### Your objective
Once the images are removed, repeat all of the entries exactly.

[Provided records — start]

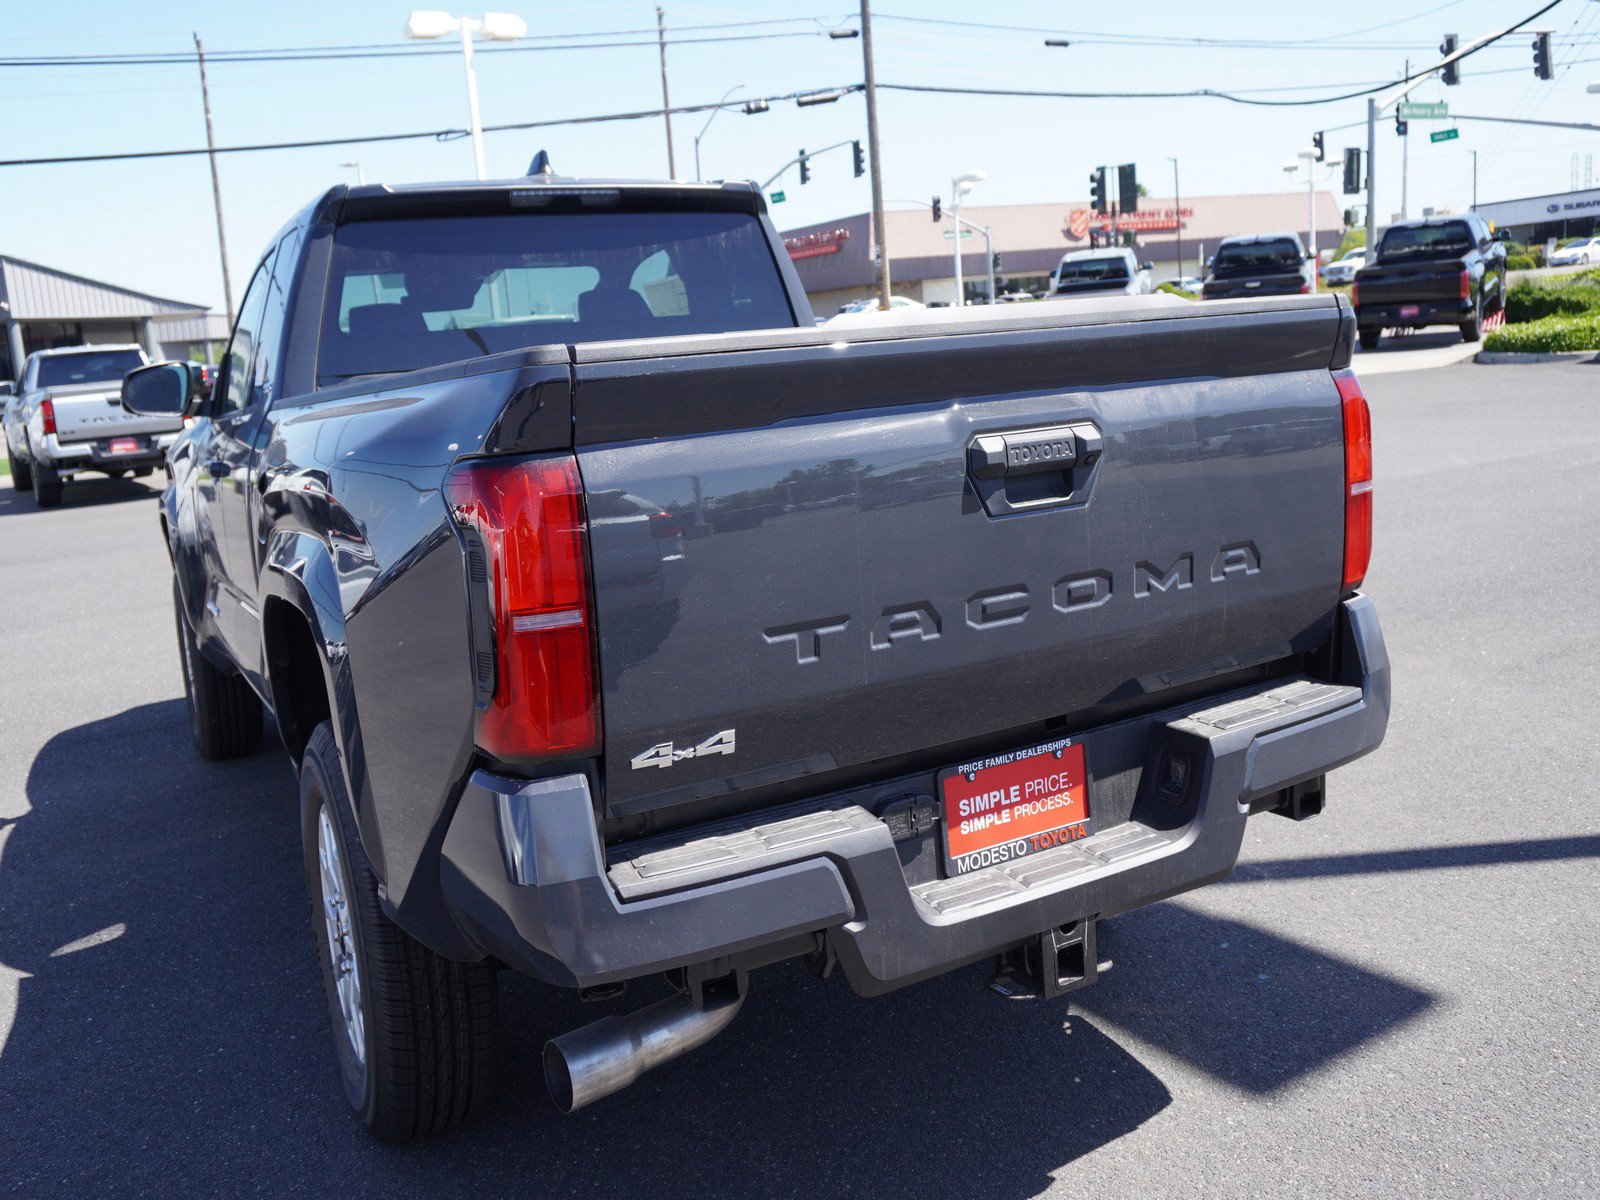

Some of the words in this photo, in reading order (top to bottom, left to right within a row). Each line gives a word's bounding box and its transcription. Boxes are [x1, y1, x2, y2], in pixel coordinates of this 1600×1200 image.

[1010, 441, 1074, 463] TOYOTA
[762, 539, 1262, 665] TACOMA
[958, 762, 983, 774] PRICE
[985, 753, 1014, 768] FAMILY
[1016, 738, 1072, 761] DEALERSHIPS
[959, 785, 1020, 817] SIMPLE
[1025, 772, 1073, 799] PRICE.
[960, 808, 1011, 835] SIMPLE
[1014, 792, 1074, 820] PROCESS.
[957, 839, 1027, 874] MODESTO
[1030, 824, 1087, 851] TOYOTA
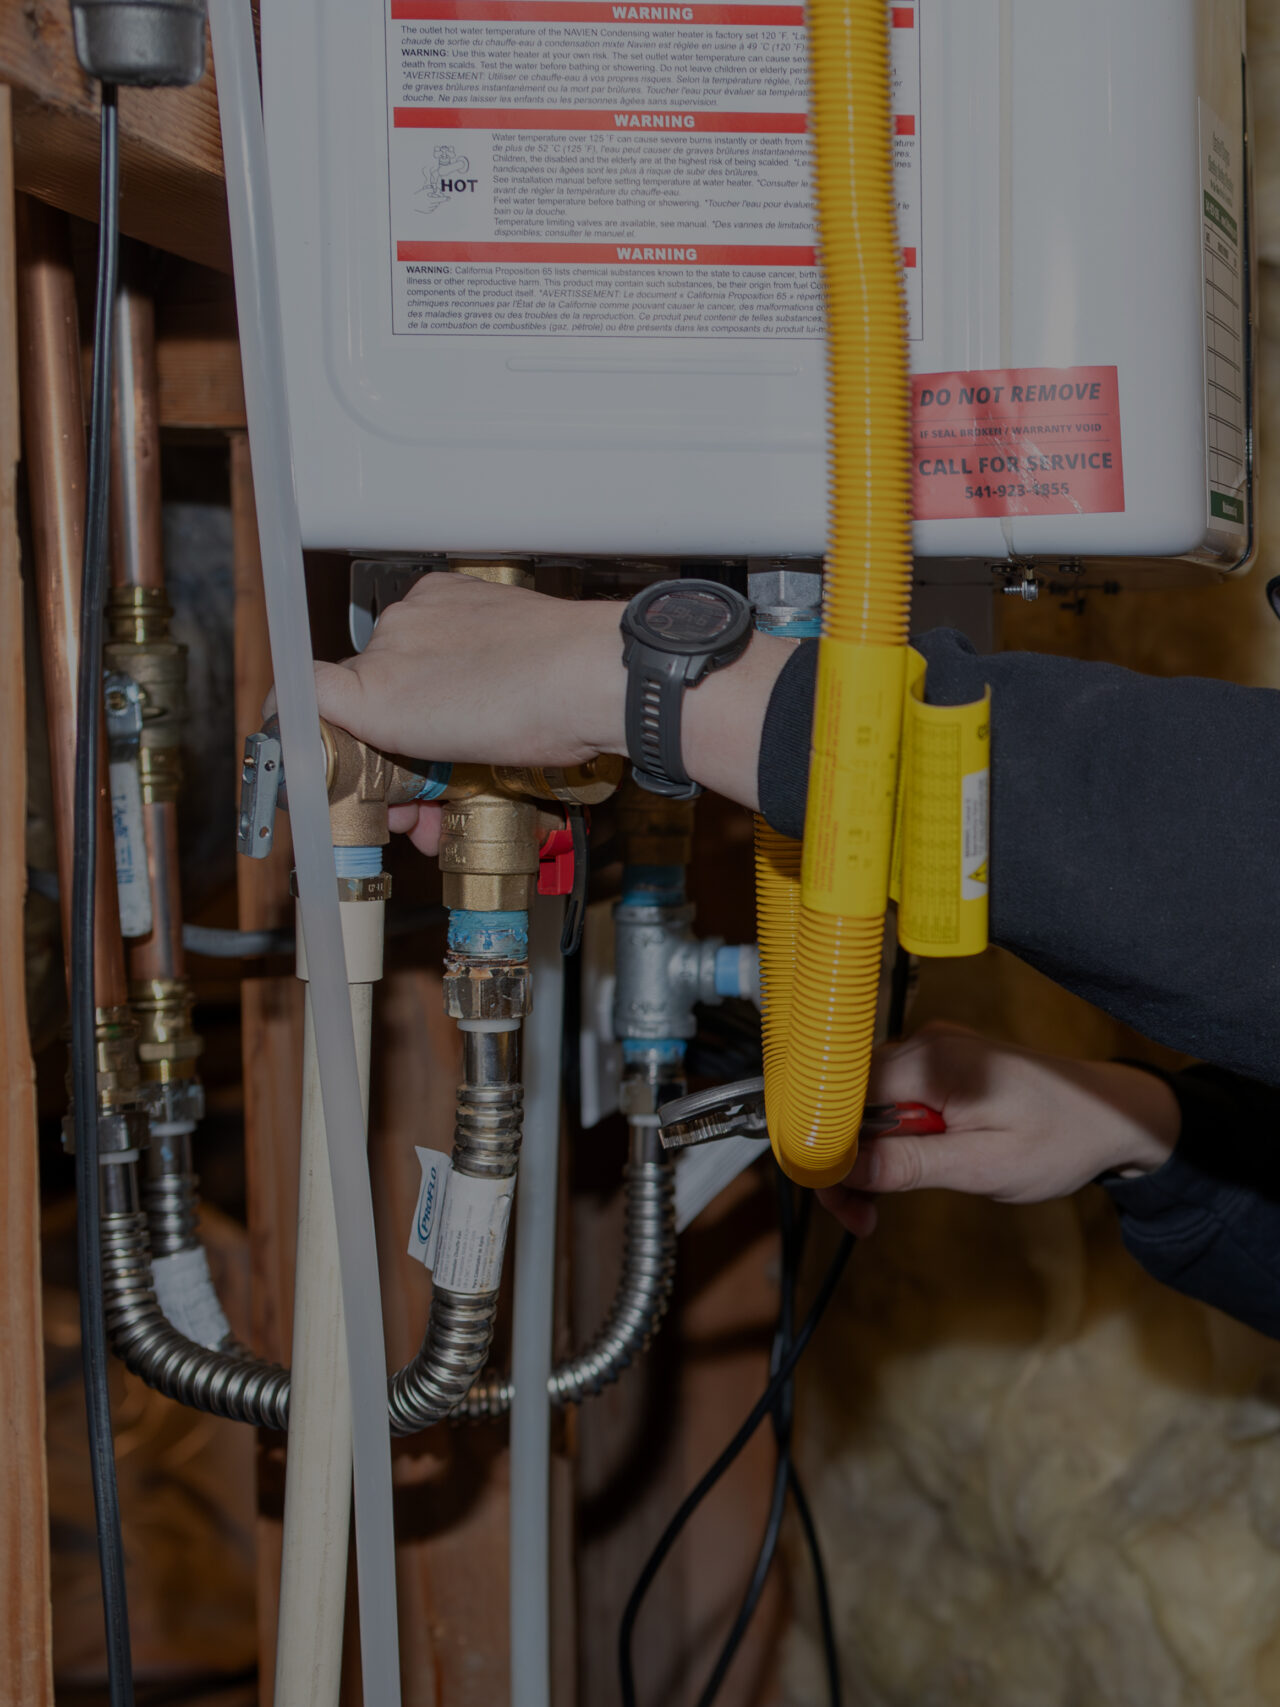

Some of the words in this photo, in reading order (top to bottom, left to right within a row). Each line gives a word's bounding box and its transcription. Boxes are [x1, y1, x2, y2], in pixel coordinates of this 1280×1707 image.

[Provided records — finish]

### Final answer
Some of the words in this photo, in reading order (top to bottom, left to right within a row). Each line gives a word's bounding box and its transcription. Boxes are [x1, y1, x2, y2], in pixel coordinates of this 1600×1200 image.

[1010, 441, 1074, 463] TOYOTA
[762, 539, 1262, 665] TACOMA
[958, 762, 983, 774] PRICE
[985, 753, 1014, 768] FAMILY
[1016, 738, 1072, 761] DEALERSHIPS
[959, 785, 1020, 817] SIMPLE
[1025, 772, 1073, 799] PRICE.
[960, 808, 1011, 835] SIMPLE
[1014, 792, 1074, 820] PROCESS.
[957, 839, 1027, 874] MODESTO
[1030, 824, 1087, 851] TOYOTA

Some of the words in this photo, in reading order (top to bottom, left to right within a row). Each line gives a word's bounding box and its transcription. Boxes are [x1, y1, x2, y2], in pixel coordinates of this 1280×1707 image.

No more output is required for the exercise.